▶ Instructions to follow
An exact reproduction of the records is required, with all pictures omitted.

▶ Raw data
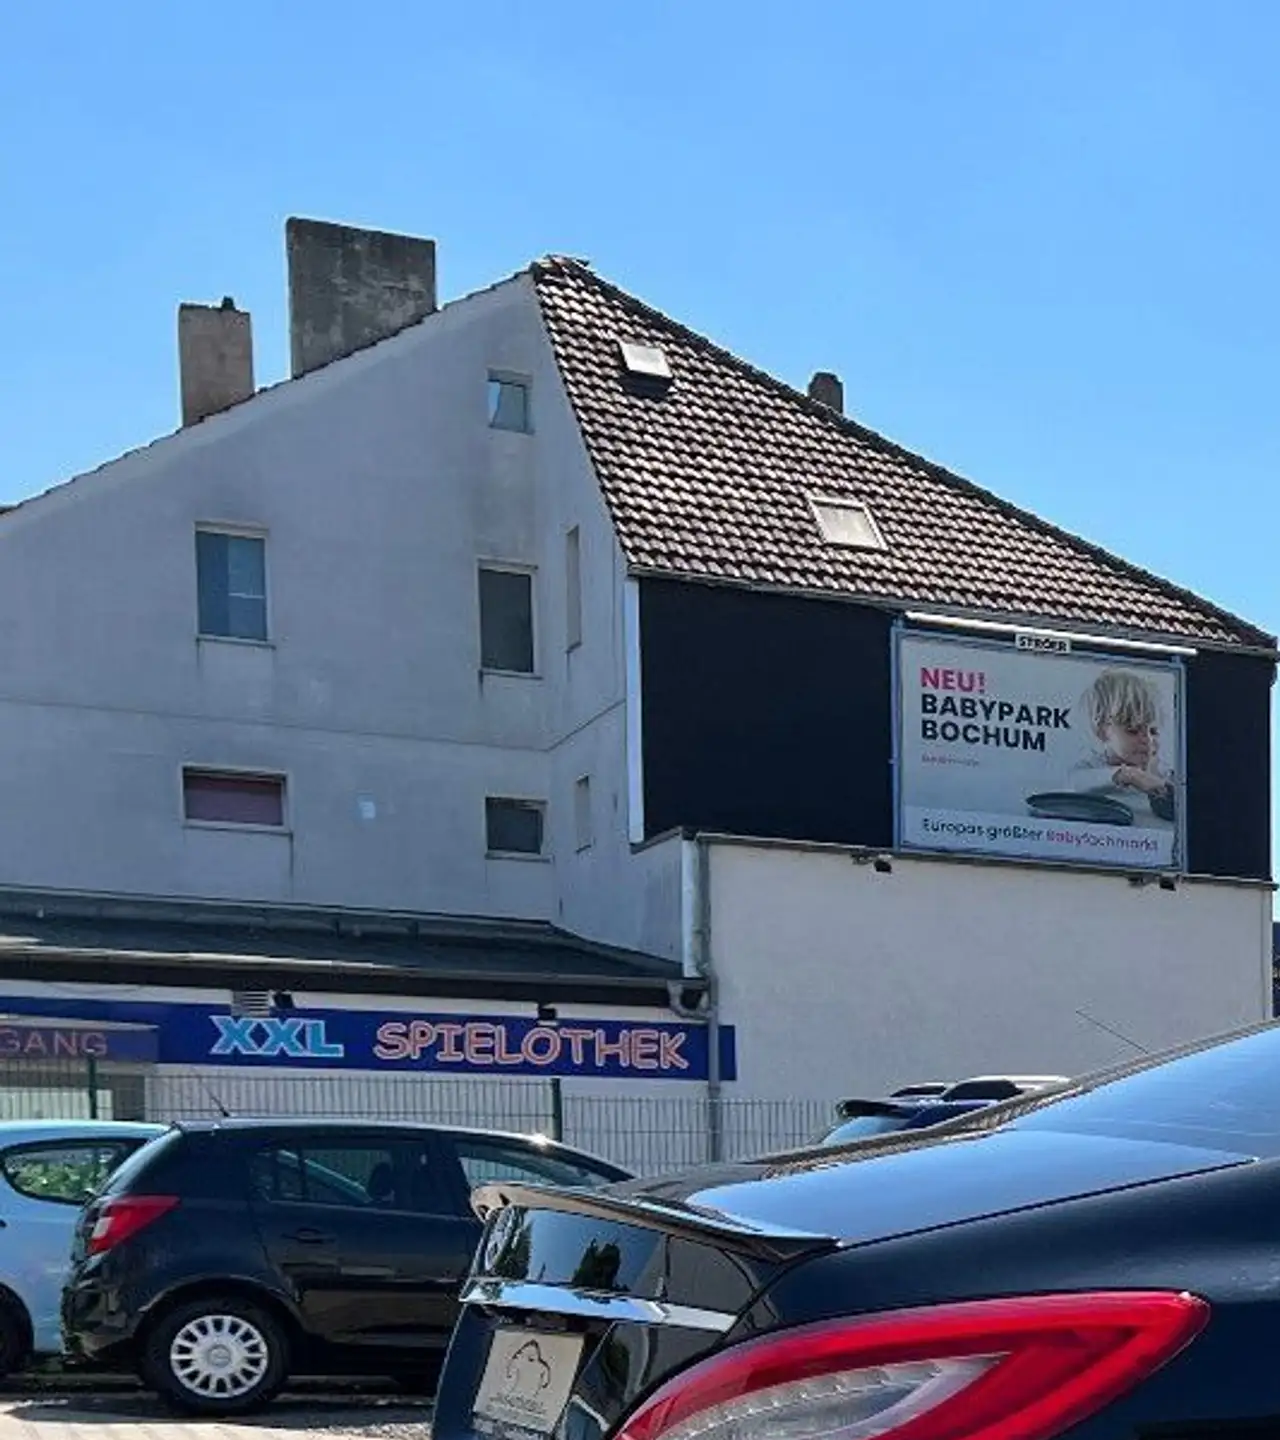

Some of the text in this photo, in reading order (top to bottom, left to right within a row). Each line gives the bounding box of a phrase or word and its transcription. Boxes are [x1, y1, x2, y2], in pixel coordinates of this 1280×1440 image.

[920, 667, 986, 694] NEU!
[921, 694, 1071, 729] BABYPARK
[921, 719, 1046, 752] BOCHUM
[923, 818, 985, 841] Europas
[989, 825, 1043, 843] größter
[209, 1015, 690, 1071] XXL SPIELOTHEK

▶ Exercise solution
Some of the text in this photo, in reading order (top to bottom, left to right within a row). Each line gives the bounding box of a phrase or word and its transcription. Boxes are [x1, y1, x2, y2], in pixel coordinates of this 1280×1440 image.

[920, 667, 986, 694] NEU!
[921, 694, 1071, 729] BABYPARK
[921, 719, 1046, 752] BOCHUM
[923, 818, 985, 841] Europas
[989, 825, 1043, 843] größter
[209, 1015, 690, 1071] XXL SPIELOTHEK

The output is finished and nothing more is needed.